§ YOUR ASSIGNMENT: Copy the records that follow exactly as written, but not their pictures.

§ Saved entries:

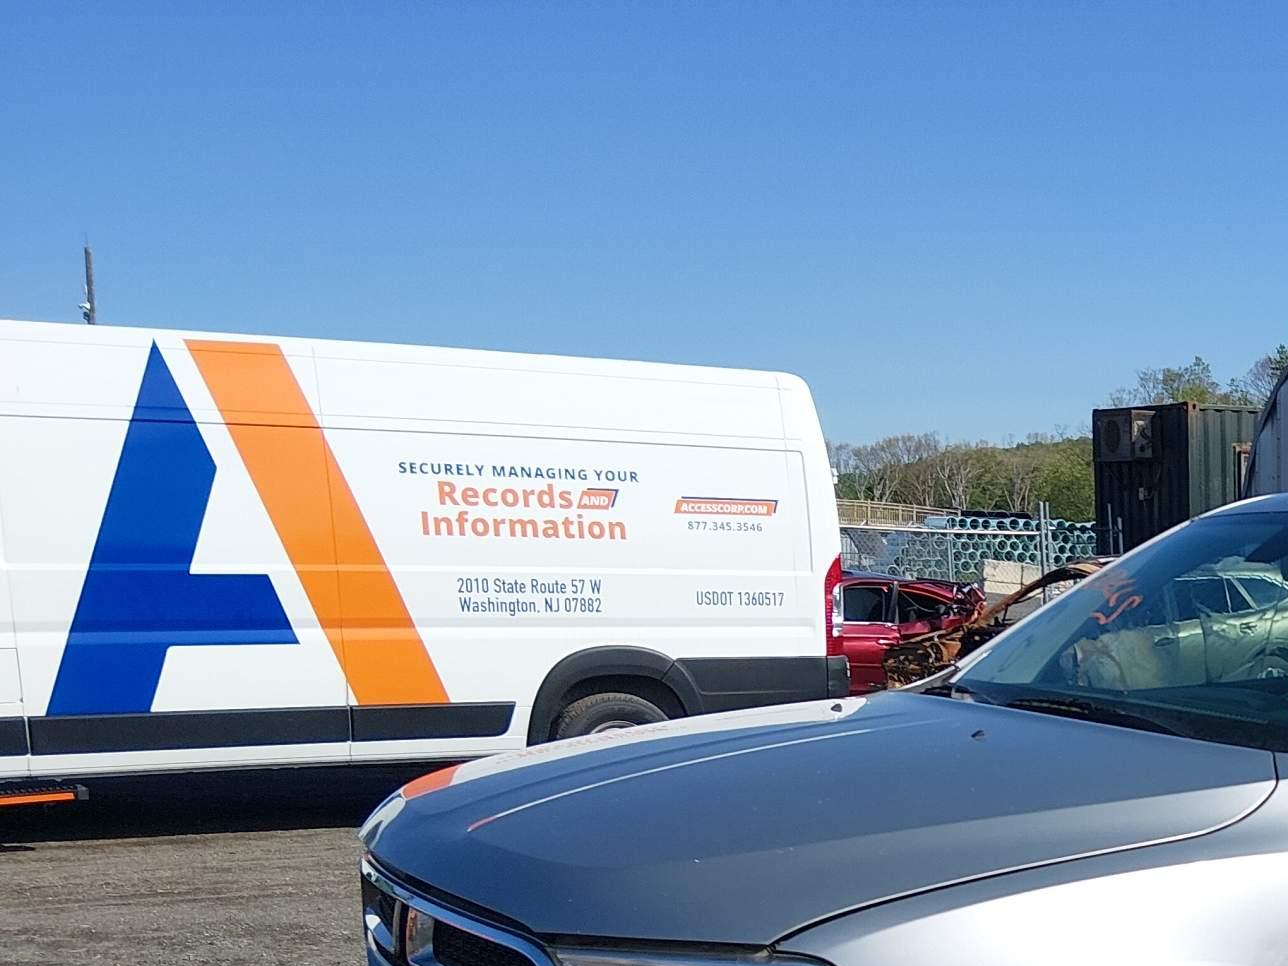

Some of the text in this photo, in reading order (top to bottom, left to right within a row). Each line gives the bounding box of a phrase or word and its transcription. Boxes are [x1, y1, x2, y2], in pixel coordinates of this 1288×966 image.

[398, 461, 640, 483] SECURELY MANAGING YOUR
[437, 480, 609, 509] Records AND
[420, 510, 628, 540] Information
[687, 521, 763, 532] 877.345.3546
[457, 578, 602, 595] 2010 State Route 57 W
[544, 598, 560, 613] NJ
[564, 598, 602, 613] 07882
[696, 591, 785, 607] USDOT 1360517

§ SOLUTION BELOW:
Some of the text in this photo, in reading order (top to bottom, left to right within a row). Each line gives the bounding box of a phrase or word and its transcription. Boxes are [x1, y1, x2, y2], in pixel coordinates of this 1288×966 image.

[398, 461, 640, 483] SECURELY MANAGING YOUR
[437, 480, 609, 509] Records AND
[420, 510, 628, 540] Information
[687, 521, 763, 532] 877.345.3546
[457, 578, 602, 595] 2010 State Route 57 W
[544, 598, 560, 613] NJ
[564, 598, 602, 613] 07882
[696, 591, 785, 607] USDOT 1360517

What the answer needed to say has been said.